In total, more than 1.3 million people were captives in Auschwitz, while at least 1.1 million of them died. Approximately 900,000 died almost immediately after they arrived at the concentration camp, while another 200,000 were either killed or died because of diseases, malnutrition, severe abuse, or due to the consequences of horrific medical experiments.
Apart from corpses, about 3,800 bags, 100,000 pairs of shoes, and 6.5 tons of human hair were recorded. The Nazis' brutality was limitless.
The most common ways of killing the inmates were by poisoning them in gas chambers, lethal injection, hanging, and starvation, as well as executions with firearms.
The persecution of Jews began in 1933 in Germany. Auschwitz was a concentration camp in southern Poland built by Heinrich Himmler in June 1940. It was the largest concentration camp in Nazi Germany (40 square kilometers). It had three main and 39 secondary camps.

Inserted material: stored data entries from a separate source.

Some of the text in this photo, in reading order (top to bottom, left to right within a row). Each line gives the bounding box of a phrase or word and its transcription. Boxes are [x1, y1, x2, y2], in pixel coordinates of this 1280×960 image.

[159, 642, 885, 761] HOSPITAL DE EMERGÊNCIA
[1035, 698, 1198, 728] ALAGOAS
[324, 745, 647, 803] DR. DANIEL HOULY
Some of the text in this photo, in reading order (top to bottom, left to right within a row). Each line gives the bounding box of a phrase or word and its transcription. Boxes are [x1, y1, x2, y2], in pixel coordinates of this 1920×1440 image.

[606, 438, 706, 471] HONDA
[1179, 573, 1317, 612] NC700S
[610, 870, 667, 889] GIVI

The main ones were Auschwitz I, where about 70,000 people were killed (mostly Polish intellectuals and Soviet prisoners of war), Auschwitz II-Birkenau, where about one million people were killed (mainly Jews, Sinti, and Roma), and Auschwitz III-Monowitz that was mostly a labor camp.
Around one in six Jews who was killed during the Holocaust died in Auschwitz. By nation, the biggest number of Auschwitz's Jewish victims originated from Hungary (430,000 deaths), followed by Poland (300,000 deaths), France (69,000 deaths), Netherlands (60,000 deaths), Greece (55,000 deaths), Protectorate of Bohemia and Moravia (46,000 deaths), Slovakia (27,000 deaths), Belgium (25,000 deaths), Germany and Austria (23,000 deaths), Yugoslavia (10,000 deaths), Italy (7,500 deaths), Norway (690 deaths), and others (34,000 deaths), according to Wikipedia.

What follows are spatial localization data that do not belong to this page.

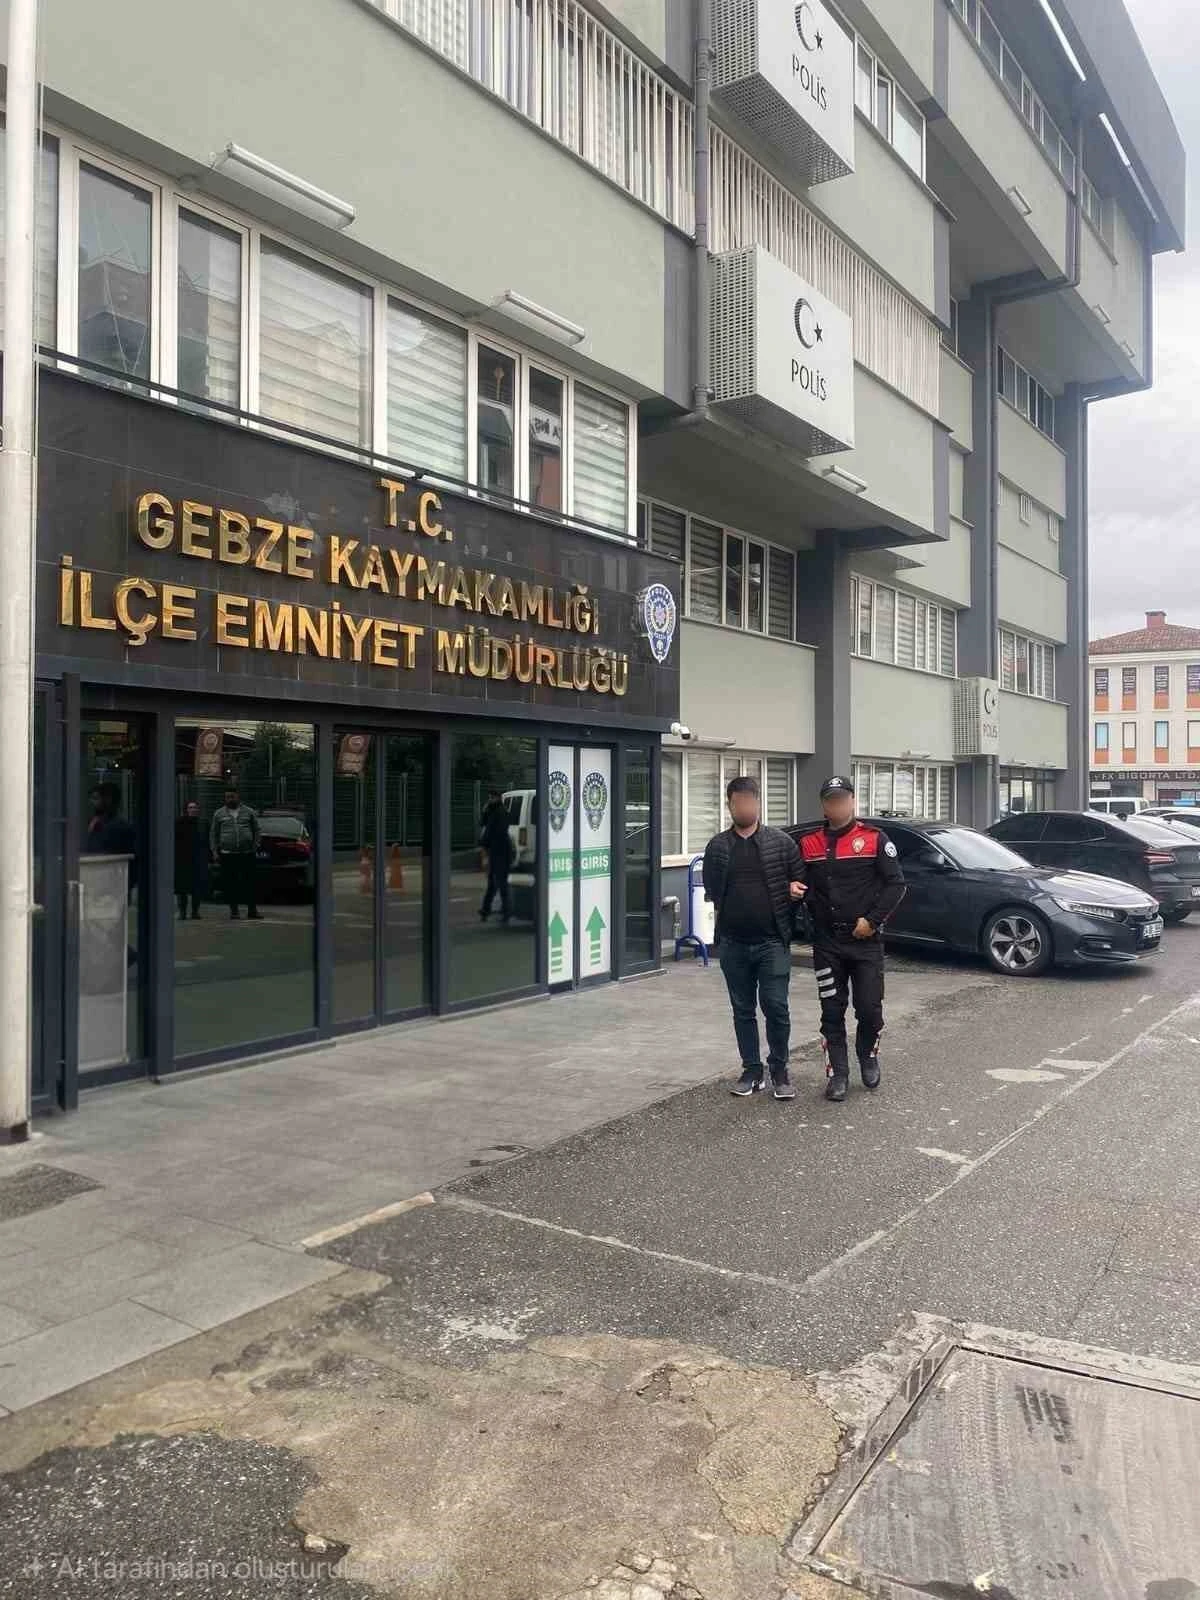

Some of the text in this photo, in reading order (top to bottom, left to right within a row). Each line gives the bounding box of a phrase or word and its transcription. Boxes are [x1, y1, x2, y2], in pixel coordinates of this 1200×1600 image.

[792, 54, 827, 111] POLİS
[791, 358, 827, 402] POLİS
[377, 478, 454, 541] T.C.
[135, 492, 600, 635] GEBZE KAYMAKAMLIĞI
[59, 554, 629, 697] İLÇE EMNİYET MÜDÜRLÜĞÜ

On July 2nd, 1947, the Polish government passed a law that established a state memorial to commemorate "the martyrdom of the Polish nation and other nations in Oswiecim." In 1979, UNESCO added the camp to its list of World Heritage Sites. Until 1990, all the museum's directors were former Auschwitz prisoners. Visitors to the site increased from 492,500 in 2001, to more than one million in 2009, and two million in 2016.